Il faudrait un autre livre pour interroger la diversité des relations tactiles entre parents et enfant ou entre adultes dans des époques et dans des cultures différentes. Les très beaux témoignages d’une soignante d’origine tunisienne la laissent pressentir. Mais c’est dans la France de 2020 que Claire Richard devient mère. La «norme» d’ici et d’aujourd’hui, à supposer qu’elle soit homogène, suppose de «trouver une résolution pratique au dilemme qui remplit les tables des librairies et les émissions philosophiques: comment réparer, renouer, retisser des traditions, revisiter, sans tomber dans les anciens pièges?» (pages 75-76). Car «il n’y a pas d’académie de peinture, pas de tour d’Europe avec visite des grands musées pour parfaire son apprentissage de la maternité. Celle-ci est supposée venir seule, par nature, j’imagine, ou par observation. (Ou bien en passant, comme je l’ai fait, des heures sur Internet)» (page 69).
La question la plus dérangeante est «la contiguïté de la tendresse et de la violence» (page 142), notamment quand le bébé lui-même frappe ou pince: «parfois, je sens dans les mains une force qui excède l’autorité bienveillante dont je suis censée être dotée en tant que mère –une force qui ressemble à de la violence, à une contrainte physique exercée pour avoir la paix. C’est une ombre de sensation, un fantôme, presque un avertissement» (page 143). Un des antidotes possibles se trouve dans les jeux simulant l’anthropophagie dont se souvient ainsi une interlocutrice: «et ma grand-mère, alternativement, te cure le dos de ses mains toujours puissantes de fermière, t’y plante les ongles ou te tranche en lamelles du bout des doigts, le plus délicieux dans l’affaire est qu’elle a une poigne d’enfer» (page 81).

Obstacles sociaux


Une certitude malheureuse, largement transculturelle et qui dure depuis plusieurs siècles, reste la disparité des genres vis-à-vis du toucher.

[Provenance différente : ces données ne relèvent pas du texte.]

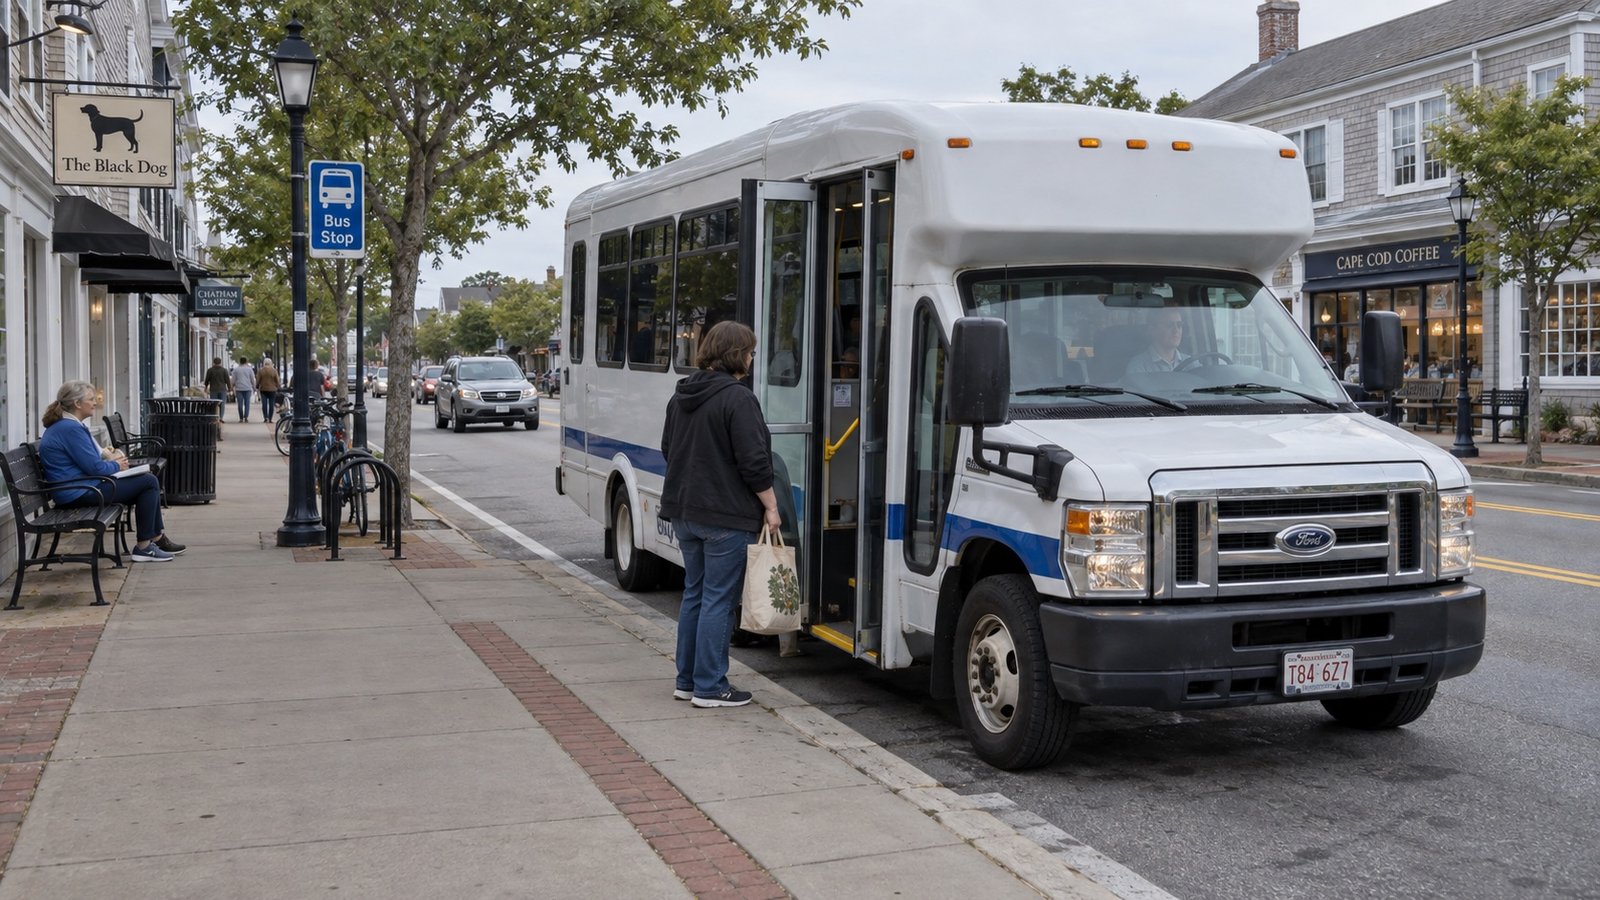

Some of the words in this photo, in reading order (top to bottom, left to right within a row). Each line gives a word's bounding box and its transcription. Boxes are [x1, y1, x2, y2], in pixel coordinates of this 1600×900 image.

[62, 157, 91, 171] The
[95, 158, 133, 173] Black
[137, 160, 168, 177] Dog
[324, 214, 351, 227] Bus
[321, 230, 354, 247] Stop
[1336, 254, 1364, 270] CAPE
[1366, 251, 1392, 267] COD
[1395, 245, 1440, 264] COFFEE
[197, 290, 238, 298] CHATHAM
[1295, 531, 1323, 546] Ford
[1288, 663, 1315, 685] T84
[1322, 660, 1349, 682] 6Z7
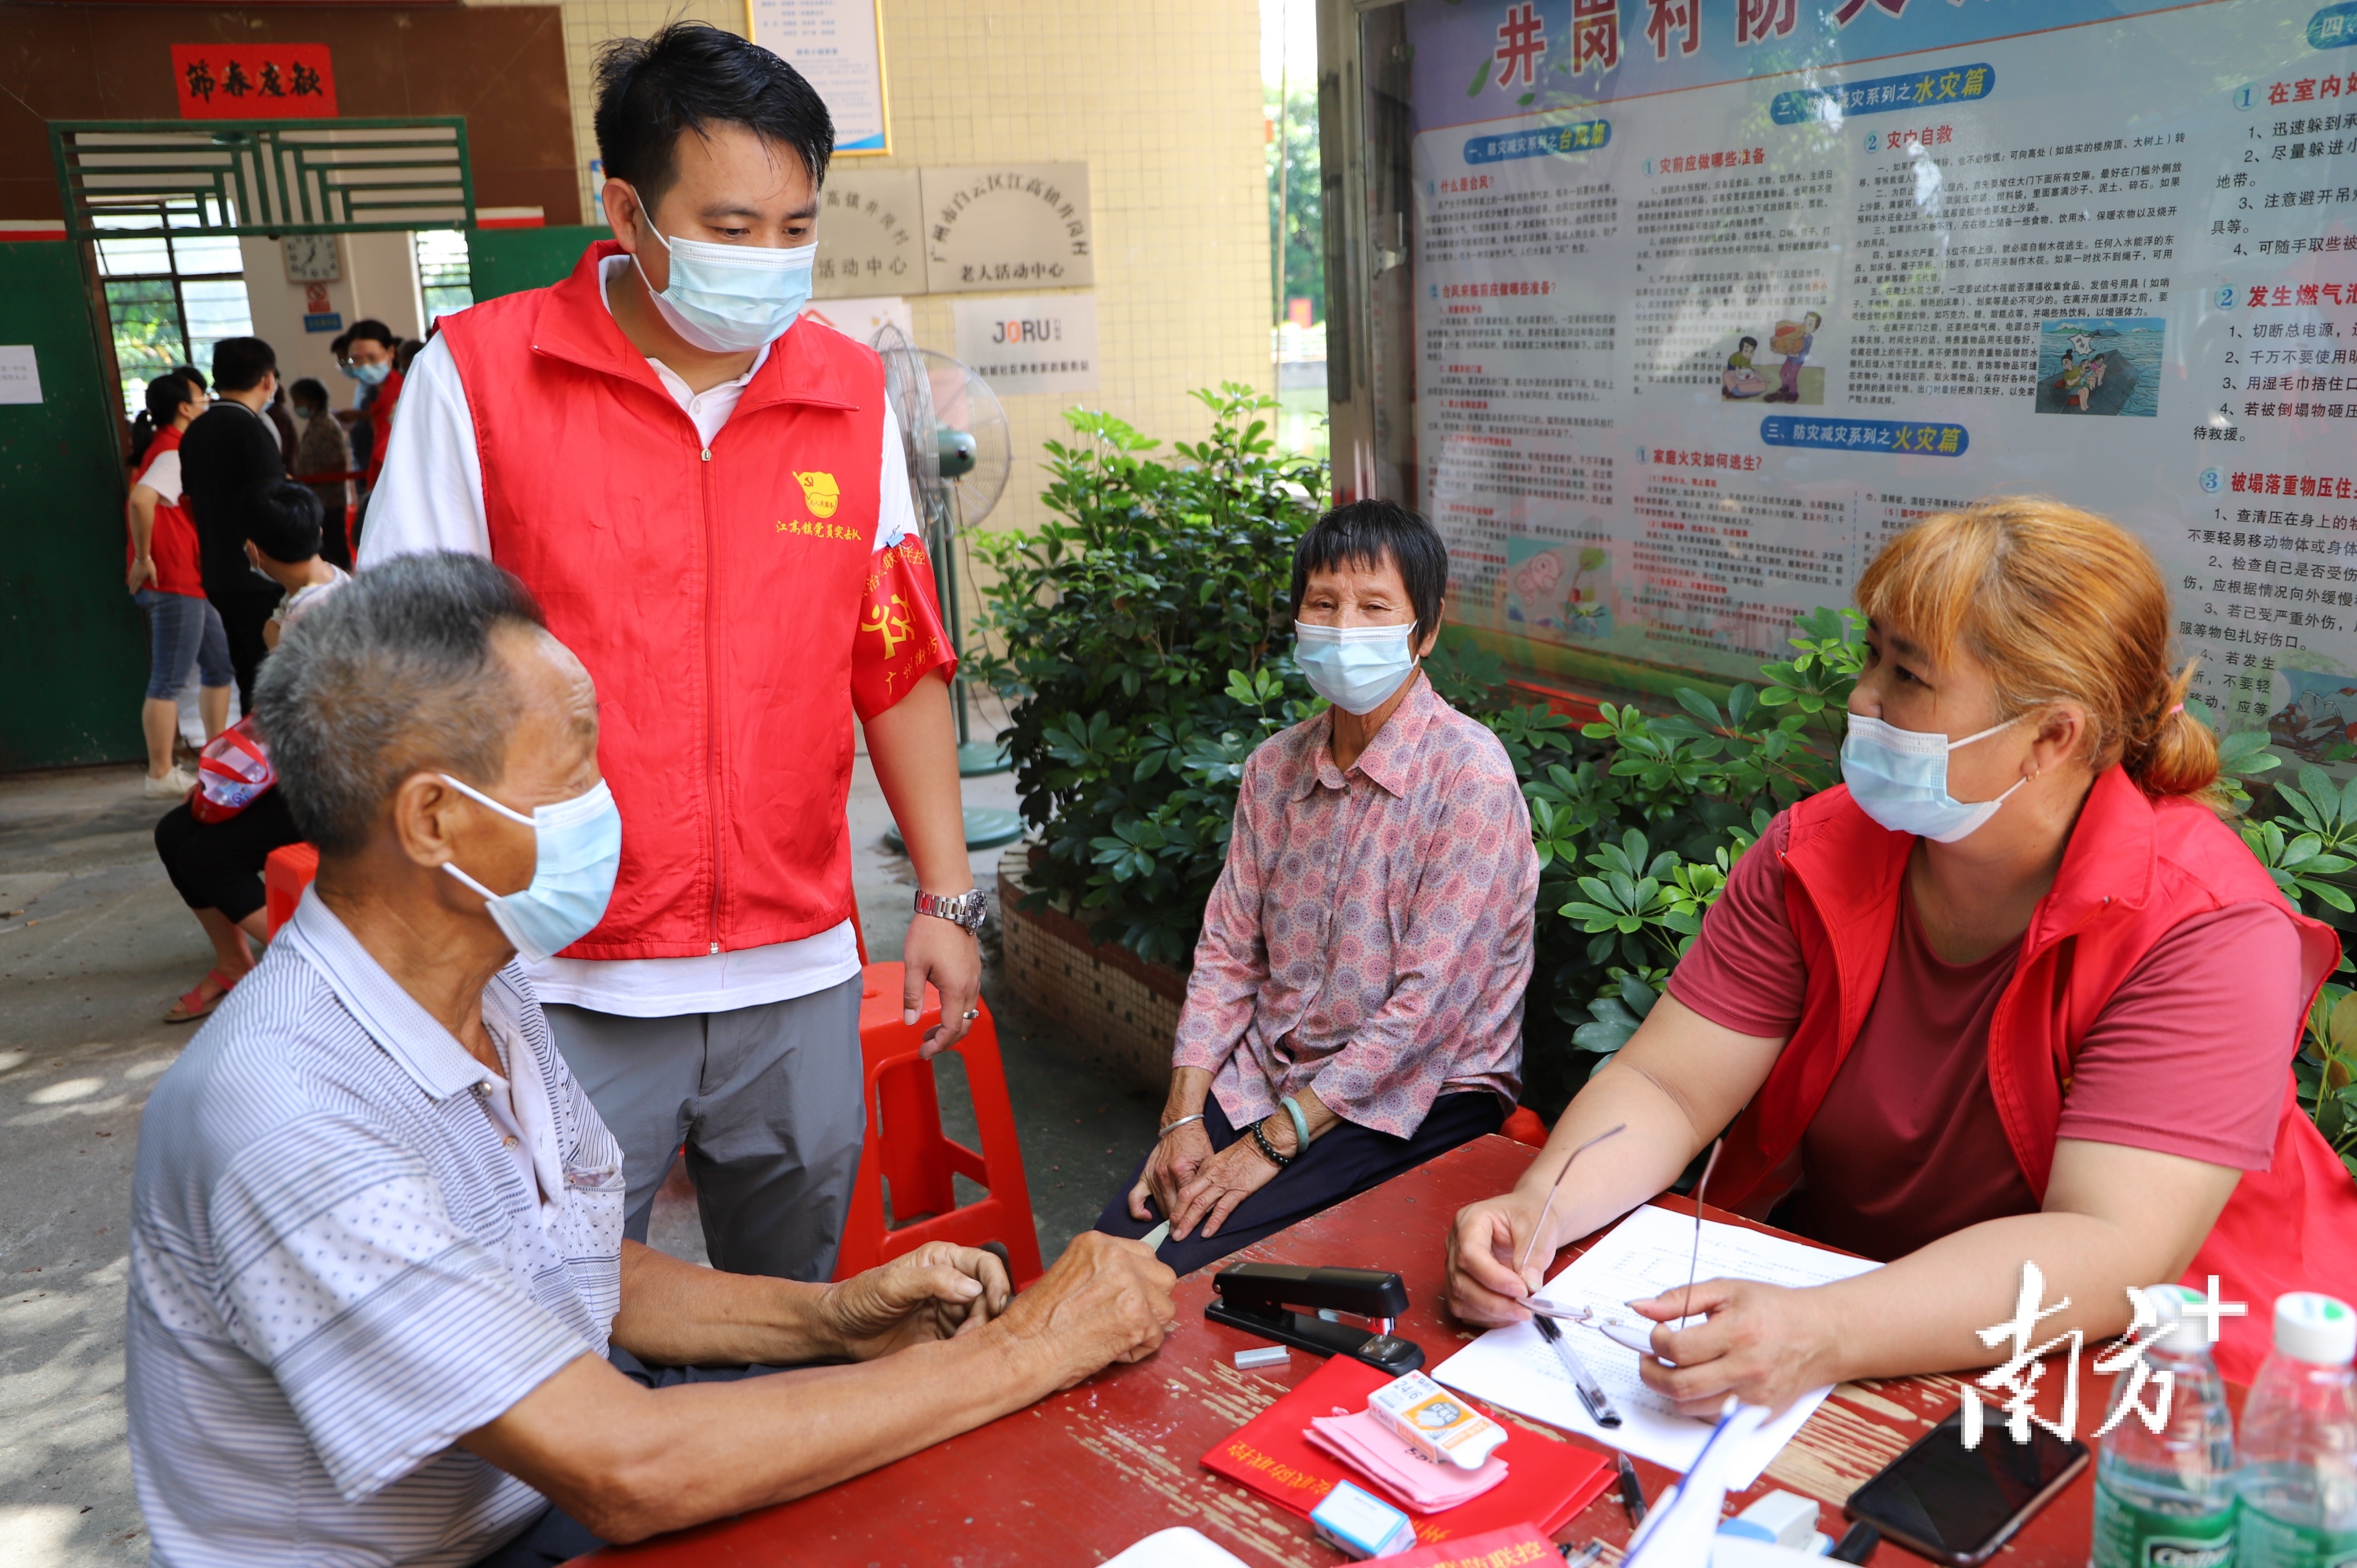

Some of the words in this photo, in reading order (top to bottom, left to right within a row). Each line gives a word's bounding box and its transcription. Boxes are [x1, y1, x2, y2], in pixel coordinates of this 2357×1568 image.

[1660, 147, 1765, 174] 灾前应做哪些准备
[929, 172, 1089, 263] 广州市白云区江高镇井岗村
[818, 255, 907, 279] 活动中心
[961, 261, 1065, 283] 老人活动中心
[993, 318, 1050, 344] JORU
[2231, 471, 2357, 500] 被塌落重物压住
[810, 500, 835, 509] 为人民服务
[776, 519, 862, 541] 江高镇党员突击队
[2183, 575, 2357, 608] 伤，应根据情况向外缓慢
[2204, 602, 2357, 632] 3、若已受严重外伤，
[886, 636, 938, 696] 广州街坊
[1393, 1380, 1423, 1400] 24/6
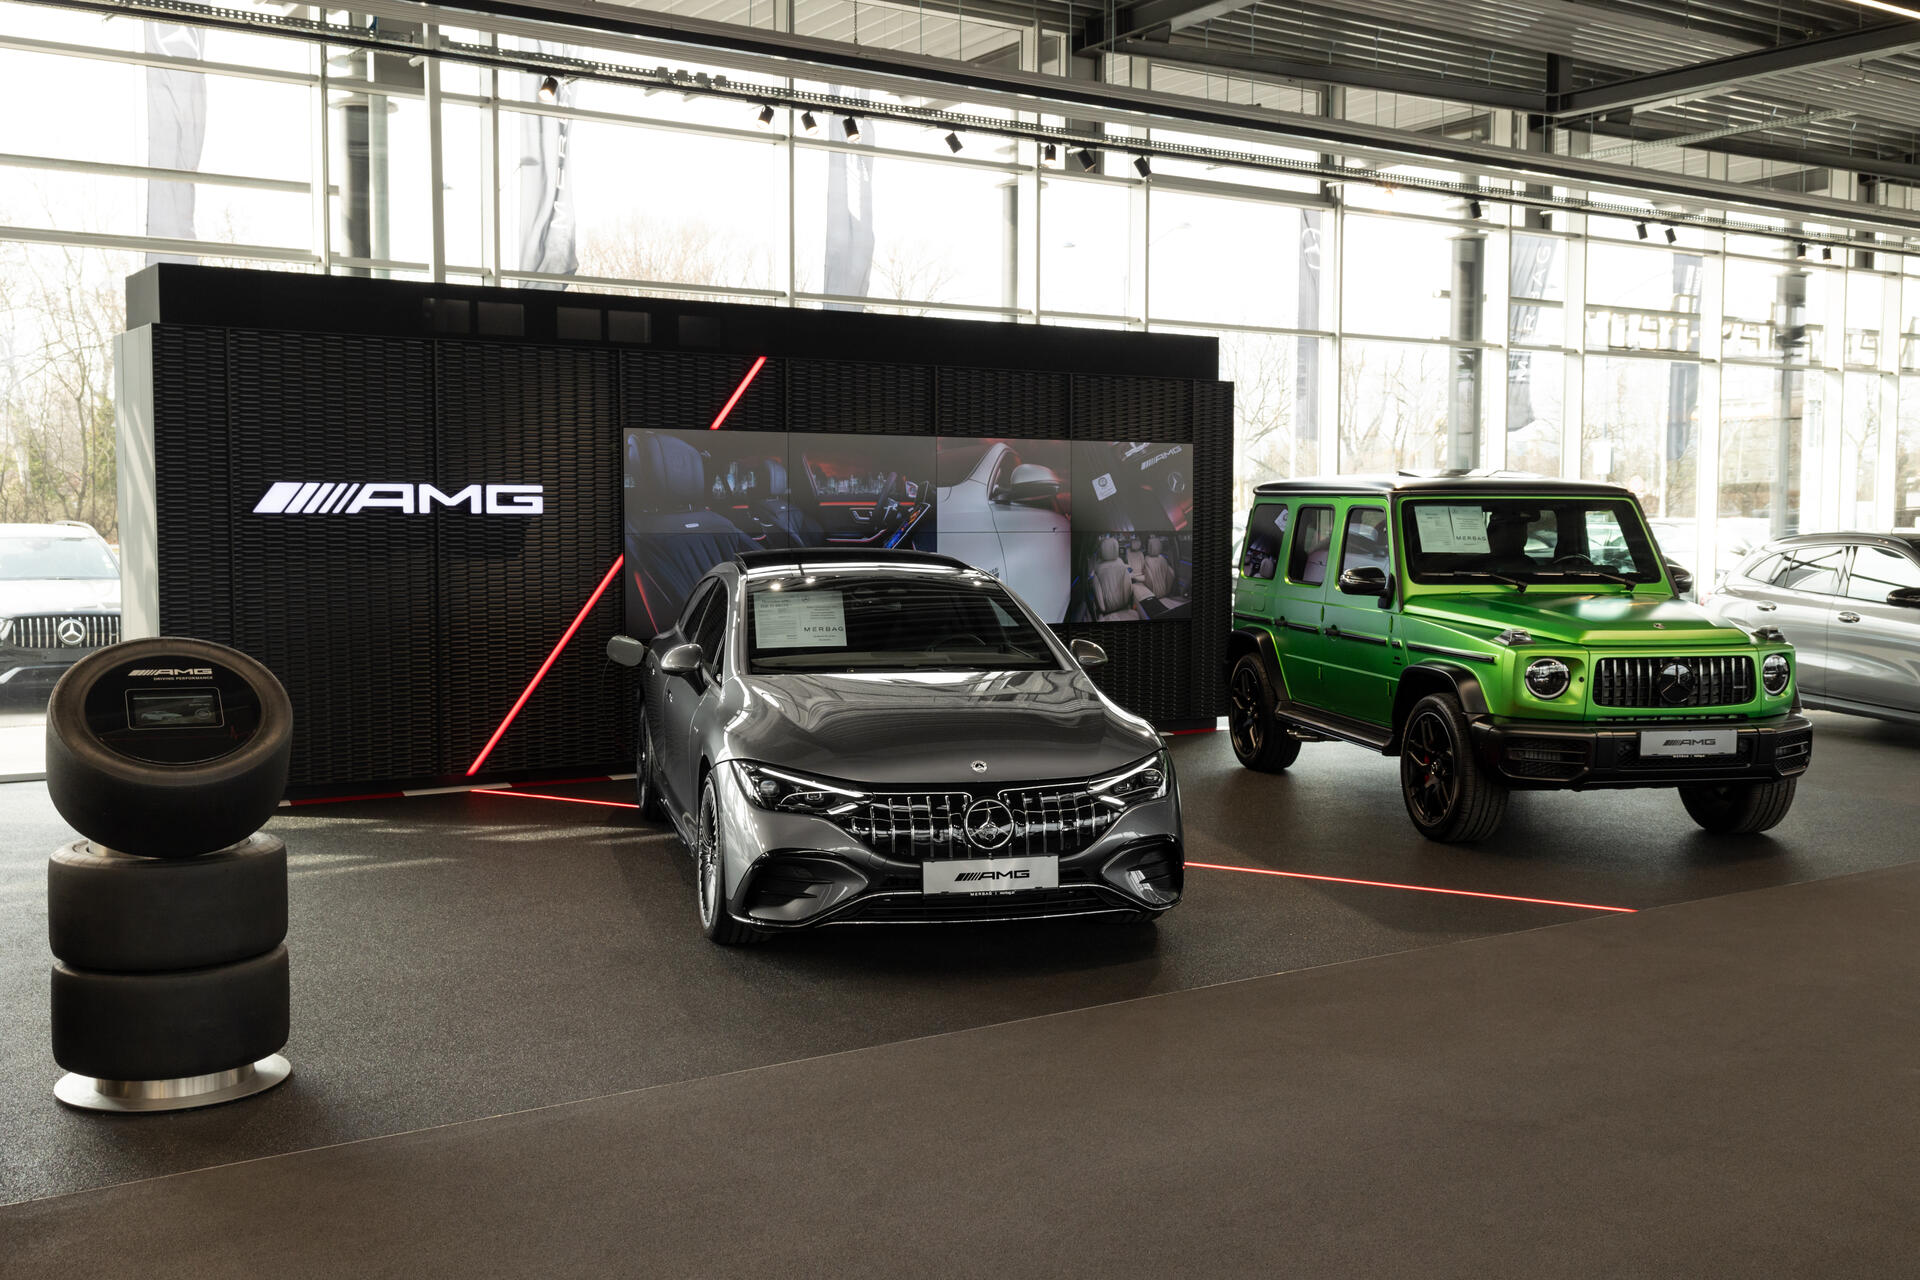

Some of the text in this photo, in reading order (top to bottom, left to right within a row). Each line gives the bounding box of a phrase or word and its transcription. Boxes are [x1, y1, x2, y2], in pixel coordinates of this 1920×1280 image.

[344, 483, 544, 515] AMG
[152, 667, 213, 677] AMG
[1678, 738, 1717, 746] AMG
[976, 869, 1031, 882] AMG

À commencer par le fait que l’appel à témoignages de Claire Richard a reçu beaucoup plus de réponses féminines que masculines, alors même qu’il ne mentionnait pas la circonstance (encore socialement marquée) de la maternité.
Du côté des relations humaines, une informatrice constate par exemple: «j’ai pas l’habitude qu’on me touche sans que ce soit érotique» (page 61). Une autre ajoute: «je n’aime pas dans les gestes invisibles et les gestes informels le fait qu’il n’y ait pas de cadre, qu’on ne sache pas ce que ça veut dire» (page 122). L’autrice commente un extrait où l’écrivaine américaine Melissa Febos, lors d’une séance collective de câlins explicitement non sexuels, «s’entend accepter des contacts qu’elle ne désire pas, agie par des réflexes qui lui intiment d’accepter le contact initié par un homme plutôt que de le blesser» (page 200). Claire Richard se demande ainsi «s’il est possible d’avoir un toucher comme un regard devant une œuvre, un toucher qui aime sans vouloir posséder» (page 120). La lecture du livre oriente vers la réponse affirmative, même si cela demande encore souvent du travail sur soi et avec autrui.
Du côté du rapport aux objets, l’autrice semble davantage déstabilisée par ce que le chercheur américain G. P. Murdock a appelé «la séparation des matières premières», les hommes étant socialement assignés au travail des plus dures et des plus rigides, les femmes à celui des plus souples et des plus moelleuses: «on ne rattrape pas les décennies d’avance, d’aisance gagnée dans les mains» (page 176), «et je trouve profondément déprimant de la voir s’opérer dans mon appartement et pire encore dans mes mains» (page 177); «là où la théorie avance en fusée, défait des concepts comme des tricots (maille après maille, s’appuyant sur les déconstructions précédentes), les mains, elles, refusent. S’obstinent. Montrent combien les obstacles sont profondément ancrés» (page 178). Heureusement, une informatrice, électricienne en travaux publics, prend la chose avec humour: «dès que je parle de gros bricolage, les gens font les gros yeux! Je dérange, c’est comme les hommes qui font de la couture, pour les gens, ce n’est pas normal!» (page 180). Mieux encore, une restauratrice raconte comment elle est passée de la cuisine virile, de performance, à la cuisine douce, de partage (pages 170-173).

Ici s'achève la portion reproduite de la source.